Spatial localization data:
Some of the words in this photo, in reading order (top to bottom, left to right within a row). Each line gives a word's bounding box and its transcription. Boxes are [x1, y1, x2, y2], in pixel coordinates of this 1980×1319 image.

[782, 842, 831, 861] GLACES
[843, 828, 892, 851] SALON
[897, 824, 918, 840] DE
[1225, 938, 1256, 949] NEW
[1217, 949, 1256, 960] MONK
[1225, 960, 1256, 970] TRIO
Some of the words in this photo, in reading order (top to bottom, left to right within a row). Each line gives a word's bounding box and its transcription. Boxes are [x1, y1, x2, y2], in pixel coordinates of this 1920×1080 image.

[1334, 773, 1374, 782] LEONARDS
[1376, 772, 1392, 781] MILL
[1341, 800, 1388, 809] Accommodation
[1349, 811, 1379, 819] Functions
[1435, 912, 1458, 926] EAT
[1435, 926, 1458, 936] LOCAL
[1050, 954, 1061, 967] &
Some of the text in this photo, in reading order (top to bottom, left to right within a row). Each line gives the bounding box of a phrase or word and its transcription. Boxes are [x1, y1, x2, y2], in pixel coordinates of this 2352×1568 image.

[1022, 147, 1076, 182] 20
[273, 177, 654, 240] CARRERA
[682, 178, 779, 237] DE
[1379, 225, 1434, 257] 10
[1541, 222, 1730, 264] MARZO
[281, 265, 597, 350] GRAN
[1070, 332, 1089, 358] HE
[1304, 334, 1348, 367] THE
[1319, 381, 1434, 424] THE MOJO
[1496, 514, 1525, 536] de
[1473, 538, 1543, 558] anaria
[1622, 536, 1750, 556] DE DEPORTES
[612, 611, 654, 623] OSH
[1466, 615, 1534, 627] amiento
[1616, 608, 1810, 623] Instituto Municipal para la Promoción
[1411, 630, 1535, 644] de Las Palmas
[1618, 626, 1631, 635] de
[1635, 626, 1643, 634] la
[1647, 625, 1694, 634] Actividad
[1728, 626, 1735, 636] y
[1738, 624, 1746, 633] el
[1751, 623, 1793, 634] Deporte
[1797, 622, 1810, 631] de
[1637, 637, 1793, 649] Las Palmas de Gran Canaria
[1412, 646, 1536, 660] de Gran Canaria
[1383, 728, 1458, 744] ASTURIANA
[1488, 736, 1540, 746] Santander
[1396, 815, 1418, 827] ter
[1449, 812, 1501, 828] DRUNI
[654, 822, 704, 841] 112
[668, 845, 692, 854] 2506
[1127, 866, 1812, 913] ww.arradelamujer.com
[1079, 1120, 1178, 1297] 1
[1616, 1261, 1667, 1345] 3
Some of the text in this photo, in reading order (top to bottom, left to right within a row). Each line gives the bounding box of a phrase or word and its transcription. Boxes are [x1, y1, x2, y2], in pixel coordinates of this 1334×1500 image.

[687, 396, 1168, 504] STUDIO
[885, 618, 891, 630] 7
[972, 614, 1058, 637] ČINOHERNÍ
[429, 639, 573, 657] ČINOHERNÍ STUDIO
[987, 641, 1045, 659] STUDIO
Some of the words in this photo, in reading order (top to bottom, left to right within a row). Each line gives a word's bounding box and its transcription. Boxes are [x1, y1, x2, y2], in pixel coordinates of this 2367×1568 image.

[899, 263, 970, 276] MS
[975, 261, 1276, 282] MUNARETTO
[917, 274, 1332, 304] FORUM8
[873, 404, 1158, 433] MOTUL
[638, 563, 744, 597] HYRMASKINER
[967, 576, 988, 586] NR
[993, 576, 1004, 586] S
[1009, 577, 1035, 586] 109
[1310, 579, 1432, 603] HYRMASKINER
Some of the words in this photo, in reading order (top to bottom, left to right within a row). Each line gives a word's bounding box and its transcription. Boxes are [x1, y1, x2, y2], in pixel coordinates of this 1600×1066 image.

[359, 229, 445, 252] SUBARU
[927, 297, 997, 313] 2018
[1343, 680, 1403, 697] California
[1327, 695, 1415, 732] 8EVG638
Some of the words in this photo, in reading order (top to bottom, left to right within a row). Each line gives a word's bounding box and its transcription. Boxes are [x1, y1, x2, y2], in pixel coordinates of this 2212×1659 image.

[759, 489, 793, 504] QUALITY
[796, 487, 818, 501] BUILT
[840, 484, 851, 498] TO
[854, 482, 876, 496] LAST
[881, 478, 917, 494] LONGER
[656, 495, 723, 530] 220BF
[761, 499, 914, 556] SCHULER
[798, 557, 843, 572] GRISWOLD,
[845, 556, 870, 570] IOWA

• **Exercise**: Beginning from the line that contains "this 2212×1659 image.", give each line again exactly, through the final line of the records.

• **Solution**:
Some of the words in this photo, in reading order (top to bottom, left to right within a row). Each line gives a word's bounding box and its transcription. Boxes are [x1, y1, x2, y2], in pixel coordinates of this 2212×1659 image.

[759, 489, 793, 504] QUALITY
[796, 487, 818, 501] BUILT
[840, 484, 851, 498] TO
[854, 482, 876, 496] LAST
[881, 478, 917, 494] LONGER
[656, 495, 723, 530] 220BF
[761, 499, 914, 556] SCHULER
[798, 557, 843, 572] GRISWOLD,
[845, 556, 870, 570] IOWA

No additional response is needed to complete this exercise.